Dr Aarti Narayan-Denning explains how a woman’s hormones alter in order for menopausal transition to take place and how this impacts physiology, anatomy and ageing.
Female hormones change across stages of reproductive ageing, culminating in the menopausal transition, altering physiology and anatomy and accelerating signs of ageing in the process. Unlike most clinical articles in this subject area, which generally revolve around treatment of menopausal symptoms, this article is concerned with the endocrinology of the menopausal transition, leading up to the clinical features we recognise.
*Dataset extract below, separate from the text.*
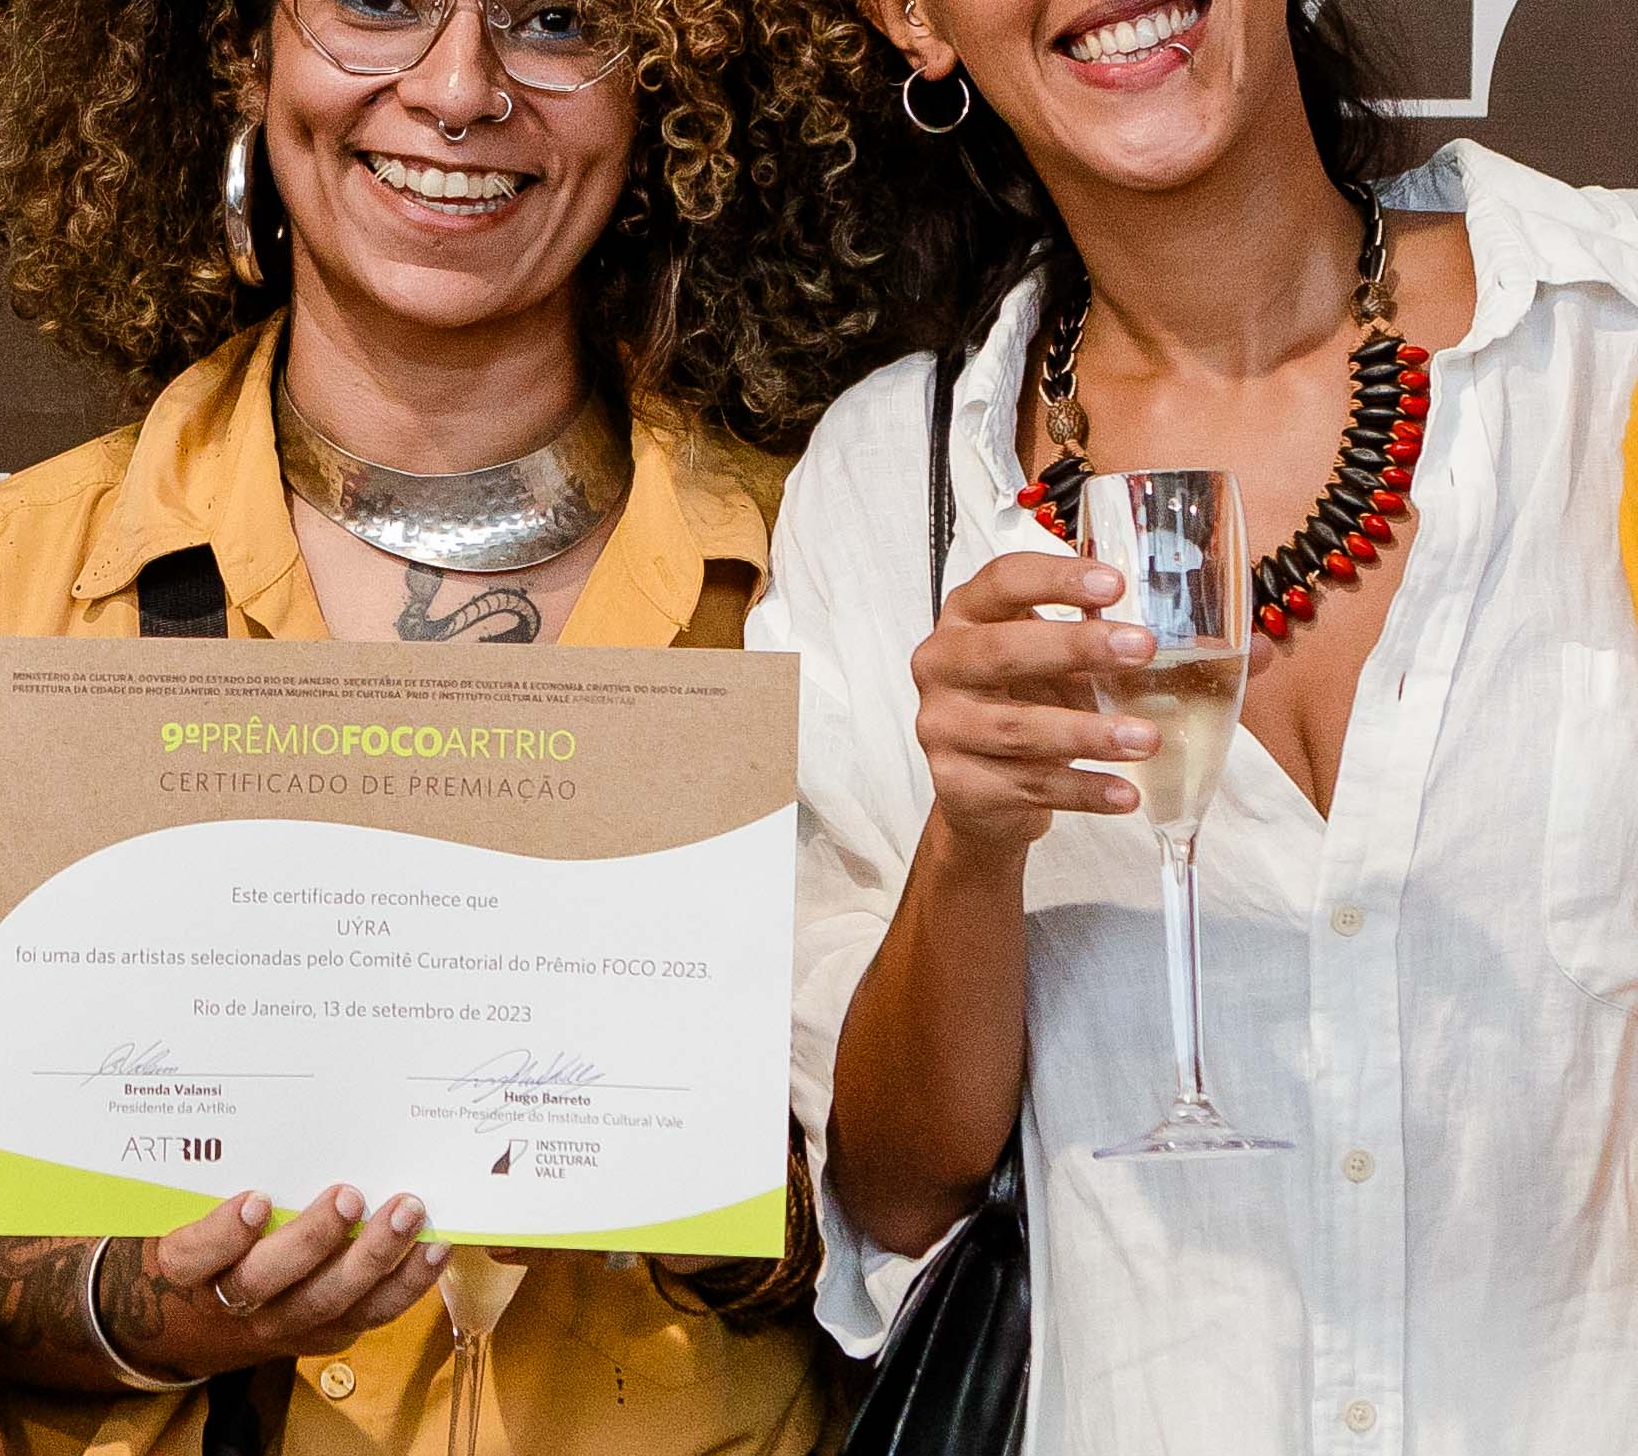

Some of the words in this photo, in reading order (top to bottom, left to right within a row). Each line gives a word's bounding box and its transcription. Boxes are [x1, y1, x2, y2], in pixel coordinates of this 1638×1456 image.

Menopausal physiology was not researched as extensively as the menstrual cycle until these past 20 years. Only now do we benefit from standardised nomenclature for stages in the menopausal transition; improved knowledge of reproductive ageing physiology; and how it relates to the challenging symptoms experienced by women. The NHS website refers to menopause as ‘the cessation of menstruation following the loss of ovarian follicular activity’.1 The clinical diagnosis of menopause is made when 12 months of amenorrhoea (absence of a menstrual period) follow the final menstrual period (FMP); the average age of menopause in the UK is 51 years. Perimenopause (the transition) and menopause are collectively referred to as the ‘climacteric’.2 There are a number of statistics relating to menopause that are useful for practitioners to be aware of. First of all, the average life expectancy of a woman in the UK is 82.5 years, compared to 50 years in 1900 and about 46% of the UK female population (33 million in 2016) is above the age of 45.3,4 The Office for National Statistics also reported in July 2017 that around 4.3 million women aged 50 or over, including 75-80% of women of menopausal age, were in employment; of those, 75% experience symptoms, of which 25% experience serious symptoms.3,4 With that in mind, medical aesthetic treatments are frequently carried out to address the medical and psychological needs of this demographic, so it is essential to understand this stage of patients’ life.3,4
Hormones relevant to the menopause are the sex steroids (oestrogens, androgens and progestogens) and the hormones of the hypothalamic-pituitary-ovarian (HPO) axis. Sex steroids are the main steroid hormones produced by the ovaries. Each stage of their biosynthesis is used in diagnosis and treatment of hormonal imbalance – pregnenolone, DHEA, oestriol, progesterone, to name a few.8 The pituitary gland produces follicle-stimulating hormone (FSH) which acts on the ovaries to stimulate the development of a mature egg every 28 days, and luteinising hormone (LH) which stimulates ovulation. Pituitary function in turn is controlled by the hypothalamus, which acts as the master controller for reproductive function via luteinising hormone-releasing hormone (LHRH) and gonadotropin-releasing hormone (GnRH).8 It is vital to understand how the premenopausal cycling of female sex steroids is controlled and how they differ from hormones such as thyroxine and insulin, which is indicated in Figure 1. However, both steroid and peptide hormones are signalling molecules that regulate the physiology of organs. They are produced in endocrine glands and reach target organs via the bloodstream.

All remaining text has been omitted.